## To do
Return the data below in full and exactly, except that the pictures are dropped.

Dataset entries

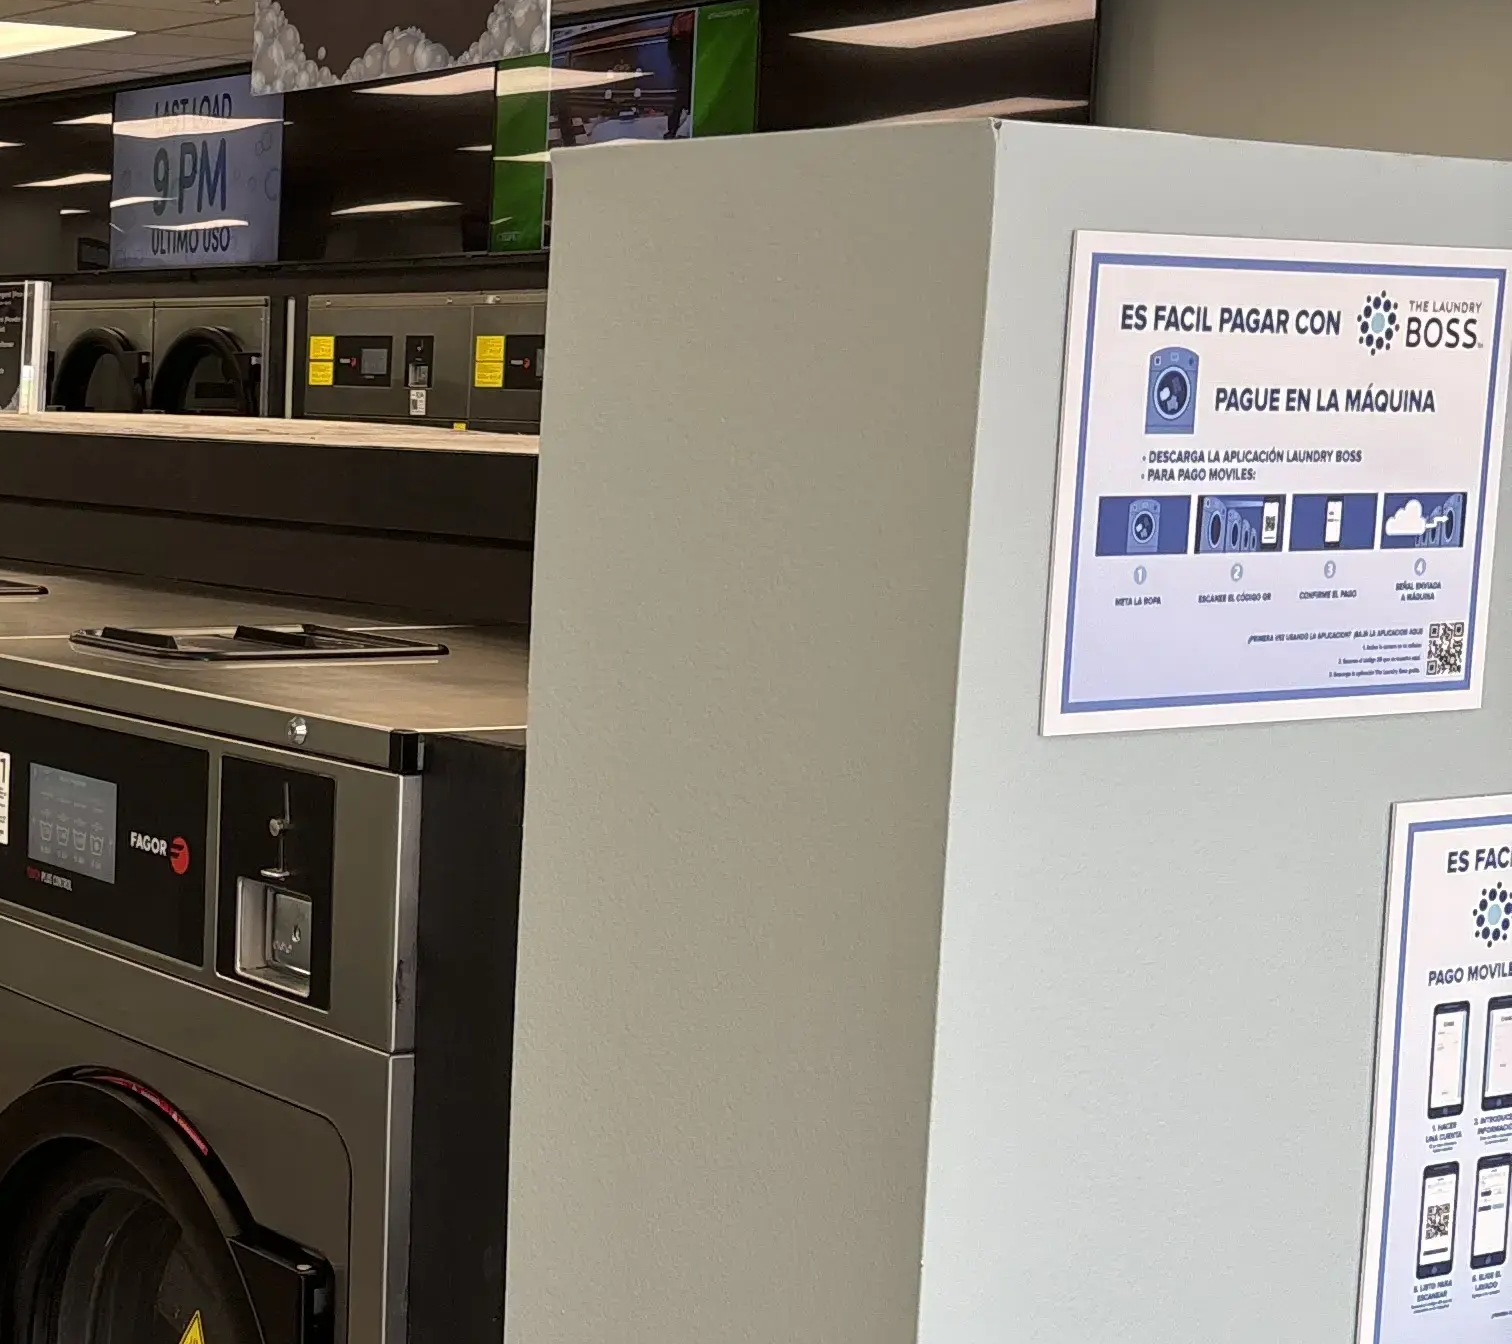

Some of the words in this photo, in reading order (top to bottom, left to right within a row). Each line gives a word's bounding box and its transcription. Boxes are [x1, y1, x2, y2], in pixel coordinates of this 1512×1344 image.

[153, 147, 169, 216] 9
[178, 138, 226, 214] PM
[203, 227, 230, 253] USO
[1409, 300, 1429, 312] THE
[1433, 301, 1482, 313] LAUNDRY
[1121, 303, 1148, 331] ES
[1153, 305, 1212, 333] FACIL
[1218, 307, 1289, 335] PAGAR
[1295, 309, 1341, 336] CON
[1406, 316, 1477, 349] BOSS
[1215, 386, 1280, 412] PAGUE
[1285, 388, 1312, 412] EN
[1316, 388, 1339, 412] LA
[1345, 383, 1435, 413] MÁQUINA
[1149, 450, 1205, 463] DESCARGA
[1208, 450, 1221, 463] LA
[1223, 446, 1284, 463] APLICACIÓN
[1286, 450, 1334, 463] LAUNDRY
[1336, 450, 1362, 463] BOSS
[1147, 468, 1175, 481] PARA
[1178, 468, 1206, 481] PAGO
[1209, 468, 1256, 481] MOVILES:
[0, 758, 6, 783] 1
[130, 831, 168, 856] FAGOR
[1447, 850, 1470, 873] ES
[1428, 967, 1464, 986] PAGO
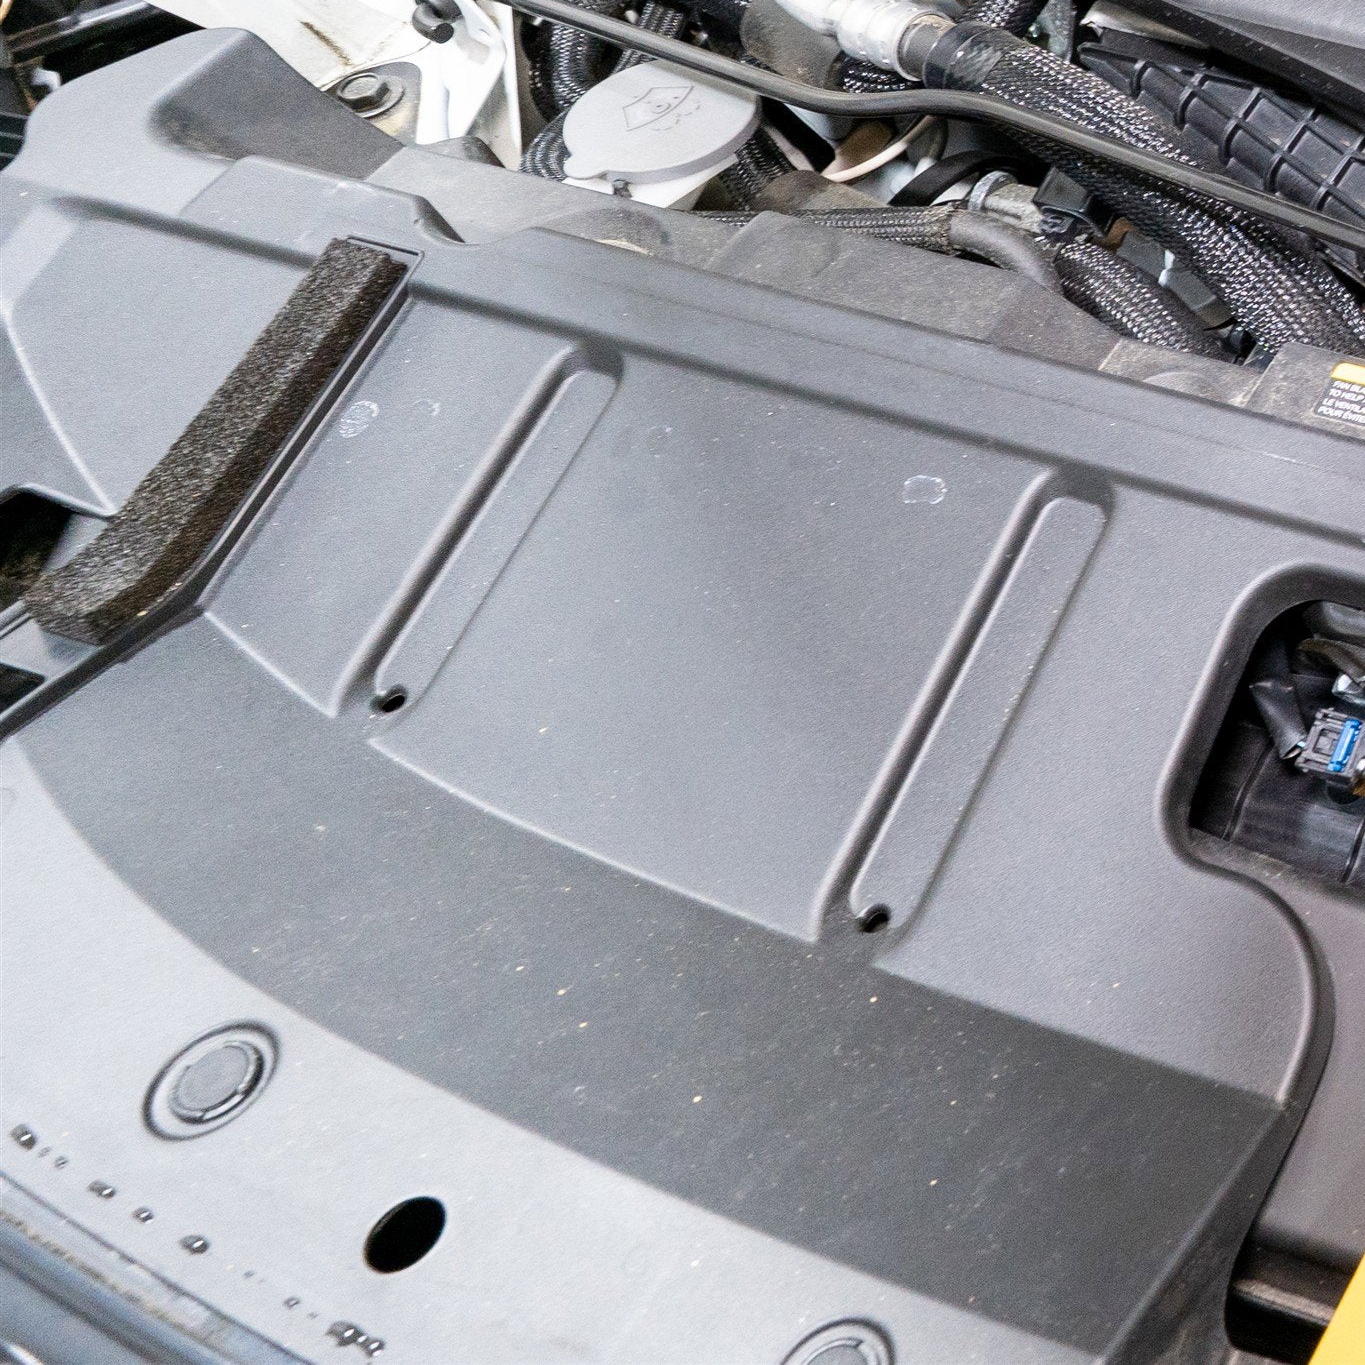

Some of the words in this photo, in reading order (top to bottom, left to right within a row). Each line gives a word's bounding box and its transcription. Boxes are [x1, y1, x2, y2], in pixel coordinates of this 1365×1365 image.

## Exercise answer
Some of the words in this photo, in reading order (top to bottom, left to right within a row). Each line gives a word's bounding box and its transcription. Boxes are [x1, y1, x2, y2], in pixel coordinates of this 1512×1344 image.

[153, 147, 169, 216] 9
[178, 138, 226, 214] PM
[203, 227, 230, 253] USO
[1409, 300, 1429, 312] THE
[1433, 301, 1482, 313] LAUNDRY
[1121, 303, 1148, 331] ES
[1153, 305, 1212, 333] FACIL
[1218, 307, 1289, 335] PAGAR
[1295, 309, 1341, 336] CON
[1406, 316, 1477, 349] BOSS
[1215, 386, 1280, 412] PAGUE
[1285, 388, 1312, 412] EN
[1316, 388, 1339, 412] LA
[1345, 383, 1435, 413] MÁQUINA
[1149, 450, 1205, 463] DESCARGA
[1208, 450, 1221, 463] LA
[1223, 446, 1284, 463] APLICACIÓN
[1286, 450, 1334, 463] LAUNDRY
[1336, 450, 1362, 463] BOSS
[1147, 468, 1175, 481] PARA
[1178, 468, 1206, 481] PAGO
[1209, 468, 1256, 481] MOVILES:
[0, 758, 6, 783] 1
[130, 831, 168, 856] FAGOR
[1447, 850, 1470, 873] ES
[1428, 967, 1464, 986] PAGO

Some of the words in this photo, in reading order (top to bottom, left to right within a row). Each line gives a word's bounding box and its transcription. Boxes are [x1, y1, x2, y2], in pixel coordinates of this 1365×1365 image.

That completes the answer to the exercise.